AVANT JC. Un juge de la Cour suprême rejette l'interprétation par l'entreprise du libellé de la police d'assurance habitation concernant les eaux de surface


Lorsque Bryony Shannon Osborne a souscrit une assurance habitation pour son terrain loué dans la réserve indienne Musqueam no 2, elle voulait être protégée contre les dégâts d'eau.

Ainsi, en plus d'une police de base, elle a également acheté une couverture facultative pour «WaterCover (Overland Water)» de Family Insurance Solutions Inc.

Cette assurance facultative couvre les pertes ou dommages causés par les eaux de surface qui pénètrent dans les locaux assurés à la suite d'une accumulation soudaine de pluie, tant que le logement n'est pas vacant.

Selon la politique facultative, les «eaux de surface» sont définies comme «l'eau qui s'accumule sur ou submerge généralement la terre ferme, résultant de pluies torrentielles, de la fonte rapide des neiges, du ruissellement printanier ou de la montée, de l'éclatement ou du débordement de tout lac d'eau douce, rivières ou cours d'eau naturels ou artificiels, à l'exclusion des vagues et des crues (telles que définies) ou des embruns de l'un de ces ".
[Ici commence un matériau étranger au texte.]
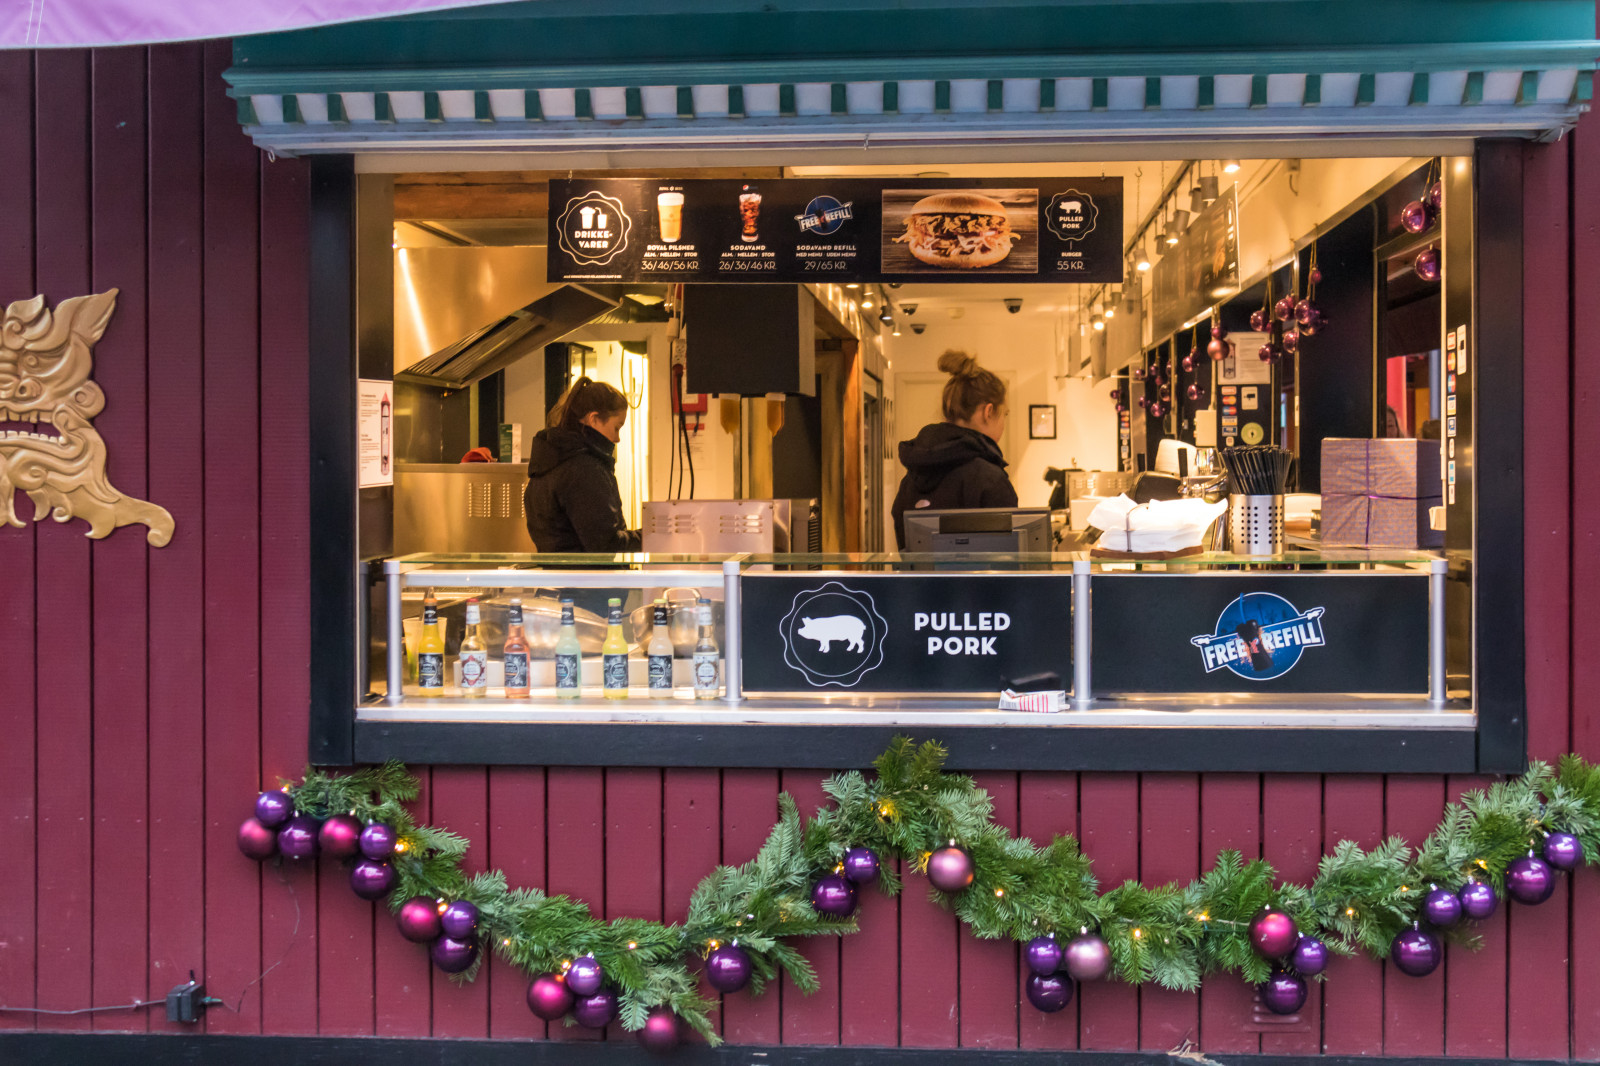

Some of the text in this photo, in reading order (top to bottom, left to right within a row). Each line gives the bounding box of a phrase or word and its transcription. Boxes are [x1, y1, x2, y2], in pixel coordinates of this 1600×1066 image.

Cependant, à la suite de fortes pluies en décembre 2018 qui ont endommagé la cour d'Osborne, la société a refusé d'honorer cette politique facultative.

Family Insurance Solutions et d'autres défendeurs ont plaidé en Colombie-Britannique. Cour suprême que le langage de la politique de base s'appliquait. Il déclare qu'il n'y a aucune couverture pour les dommages causés par l'eau de toute nature, y compris les eaux de surface ou de surface.

Juge aux côtés du résident

Le juge H. William Veenstra a rejeté l'affirmation de l'assureur selon laquelle le libellé de la police générale remplaçait la couverture fournie dans la police facultative.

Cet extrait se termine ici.